SpatialHand

Abstract

We introduce SpatialHand, a novel framework for generative object insertion with precise 3D control. Current generative object manipulation methods primarily operate within the 2D image plane, but often fail to grasp 3D scene complexities, leading to ambiguities in an object's 3D position, orientation, and occlusion relations. SpatialHand addresses this by conceptualizing object insertion from a true "3D perspective," enabling manipulation with a complete 6 Degrees-of-Freedom (6DoF) controllability. Specifically, our solution naturally and implicitly encodes the 6DoF pose condition by decomposing it into 2D location (via masked image), depth (via composited depth map), and 3D orientation (embedded into latent features). To overcome the scarcity of paired training data, we develop an automated data construction pipeline using synthetic 3D assets, rendering, and subject-driven generation, complemented by visual foundation models for pose estimation. We further design a multi-stage training scheme to progressively drive SpatialHand to robustly follow multiple complex conditions. Extensive experiments reveal our approach's superiority over existing alternatives and its great potential for enabling more versatile and intuitive AR/VR-like object manipulation within images.

Motivation and Solution

2D inpainting for object insertion/movement suffers from location ambiguity (in front of or behind existing elements?) and orientation ambiguity (facing right or left?). SpatialHand resolves these by adding extra depth and orientation conditions for spatially controlled object manipulation.

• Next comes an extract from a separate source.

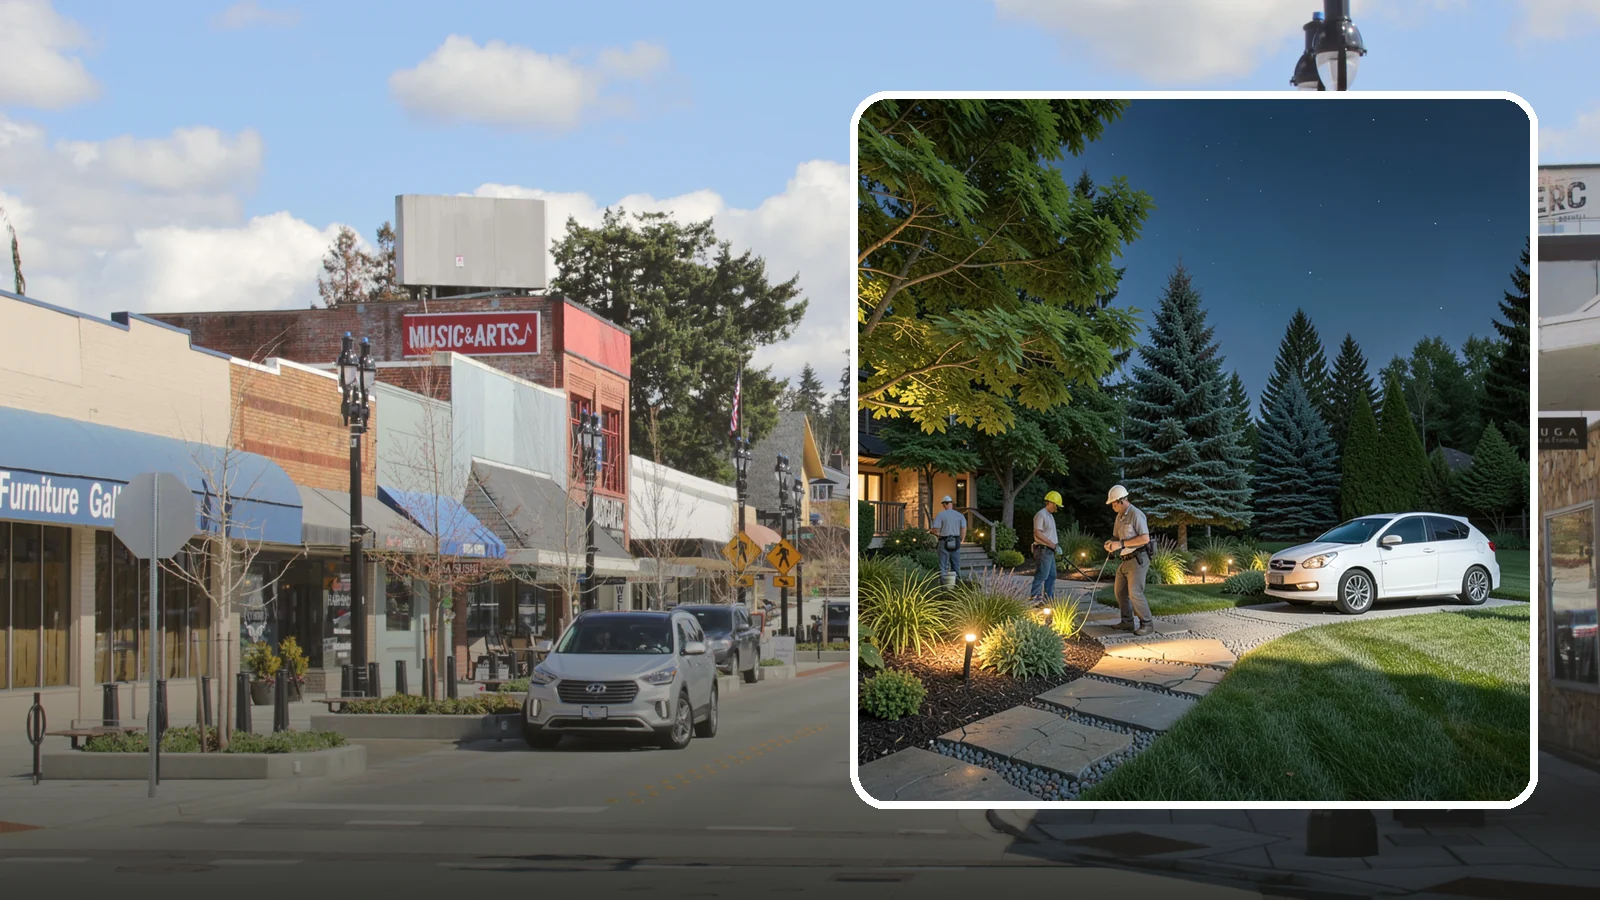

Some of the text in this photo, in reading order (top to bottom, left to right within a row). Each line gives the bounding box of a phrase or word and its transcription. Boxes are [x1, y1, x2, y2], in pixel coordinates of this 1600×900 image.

[1540, 427, 1577, 437] UGA
[0, 471, 122, 519] Furniture Gal

We focus on object insertion as our primary task due to its flexibility. SpatialHand decomposes the 6DoF object pose into 3D location (2D mask and depth map) and 3D orientation. These spatial conditions, along with free-view object reference images and text captions, are incorporated into the diffusion transformer's input tokens.

6DoF Object Insertion

SpatialHand could insert the object to any specific position and orientation.Occlusion between objects and background is well handled while identity of the object is preserved.

Any-Degree Rotation

SpatialHand could rotate the object to any specific angle while keeping the object's visible identity and fill in reasonable details in both background and previous unvisible regions of the object.

Precise Translation

Any specific position with any occlusion relation is supported.

Occlusion Swapping

Extended to swap occlusion relation.

Comparison on 3D-aware Object Insertion

Qualitative comparison on 3D-aware object insertion. Red arrow indicates the desired orientation, and green arrow denotes the left side of the corresponding pose.

Qualitative comparison on 3D-aware object movement.